As propostas da FecomercioSP ainda contêm sugestões sobre a transparência da
fixação da alíquota de referência — o governo fala em 26,5%, mas sem oferecer
as bases do cálculo utilizado —, sobre as regras do cashback para
famílias de baixa renda e aumento nos limites de faturamento das empresas
do Simples Nacional.
Agenda da FecomercioSP
Crítica da reforma desde o início, a Entidade participou ativamente
dos GTs criados pela coalizão das frentes parlamentares que apresentaram
projetos de regulamentação do texto aprovado.

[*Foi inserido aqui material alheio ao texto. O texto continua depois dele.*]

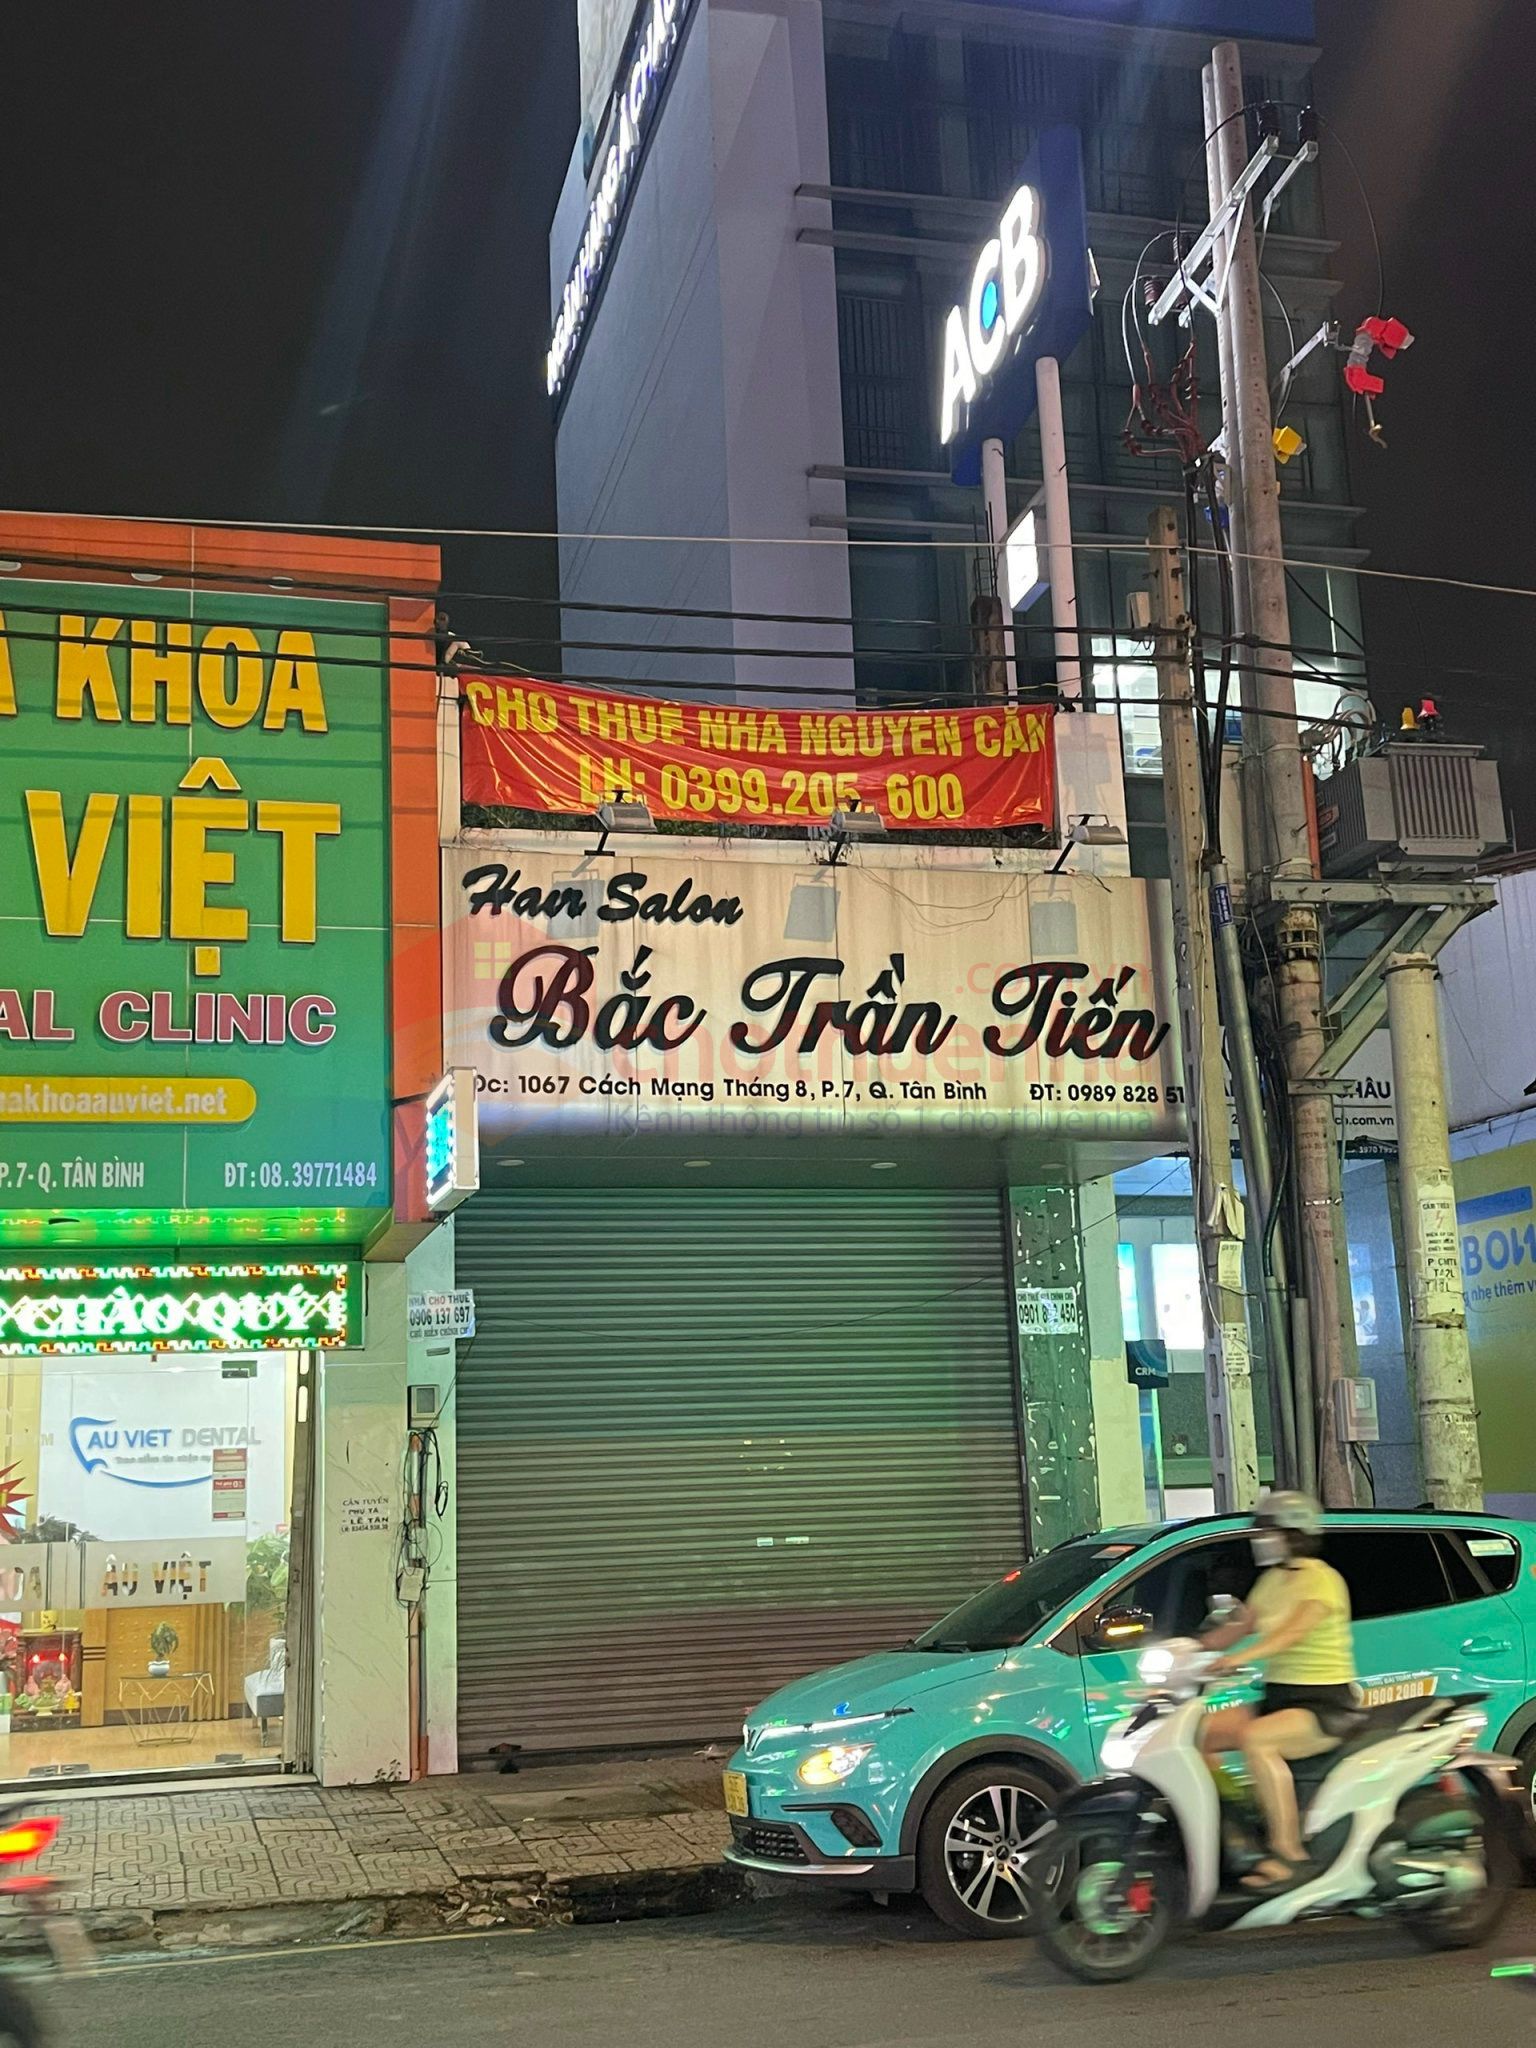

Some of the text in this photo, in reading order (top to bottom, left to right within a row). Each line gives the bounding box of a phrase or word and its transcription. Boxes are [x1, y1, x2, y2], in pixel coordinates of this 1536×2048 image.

[941, 185, 1040, 445] ACB
[57, 614, 328, 733] KHOA
[466, 682, 558, 733] CHO
[569, 700, 686, 745] THUÊ
[973, 706, 1047, 757] CĂN
[887, 774, 965, 820] 600
[25, 756, 341, 976] VIỆT
[462, 863, 744, 926] Hair Salon
[99, 990, 337, 1046] CLINIC
[488, 945, 1171, 1061] Bắc Trần Tiến
[518, 1075, 569, 1094] 1067
[578, 1073, 640, 1096] Cách
[651, 1078, 714, 1101] Mạng
[723, 1076, 789, 1101] Tháng
[796, 1081, 815, 1101] 8,
[899, 1080, 935, 1099] Tân
[944, 1079, 987, 1100] Bình
[1029, 1083, 1062, 1101] ĐT:
[1067, 1083, 1115, 1102] 0989
[1122, 1084, 1159, 1102] 828
[61, 1155, 97, 1188] TÂN
[102, 1155, 145, 1188] BÌNH
[428, 1295, 446, 1306] CHO
[1471, 1283, 1493, 1300] nhẹ
[1494, 1279, 1526, 1296] thêm
[409, 1305, 470, 1327] 0906 137 697
[1018, 1304, 1039, 1325] 0901
[1060, 1302, 1077, 1323] 450
[88, 1427, 262, 1450] AU VIET DENTAL
[101, 1553, 139, 1597] ÂU
[152, 1550, 212, 1600] VIỆT
[1368, 1686, 1394, 1706] 1900

Segundo a FecomercioSP, esse tema está longe de se esgotar. Embora a Reforma
Tributária esteja perto de ser regulamentada, há espaço para seguir discutindo
os efeitos perversos de um Estado que arrecada muito (32% do PIB), oferece
serviços ruins, burocratiza o ambiente de negócios e alimenta a desigualdade.
Não é de hoje que a Federação destaca que, em vez de prosseguir com uma
mudança na legislação que aumente impostos, o governo avançasse em medidas para
reduzir os próprios gastos. Esse deve ser o foco das futuras discussões
nacionais.
A Entidade entende ser o momento de avançar em discussões
estruturais rumo a uma Reforma Administrativa do Estado que
inclua a gestão da máquina pública, do quadro de salários dos servidores até o
fornecimento de serviços.
Sobre a FecomercioSP
Foto: Agência Brasil.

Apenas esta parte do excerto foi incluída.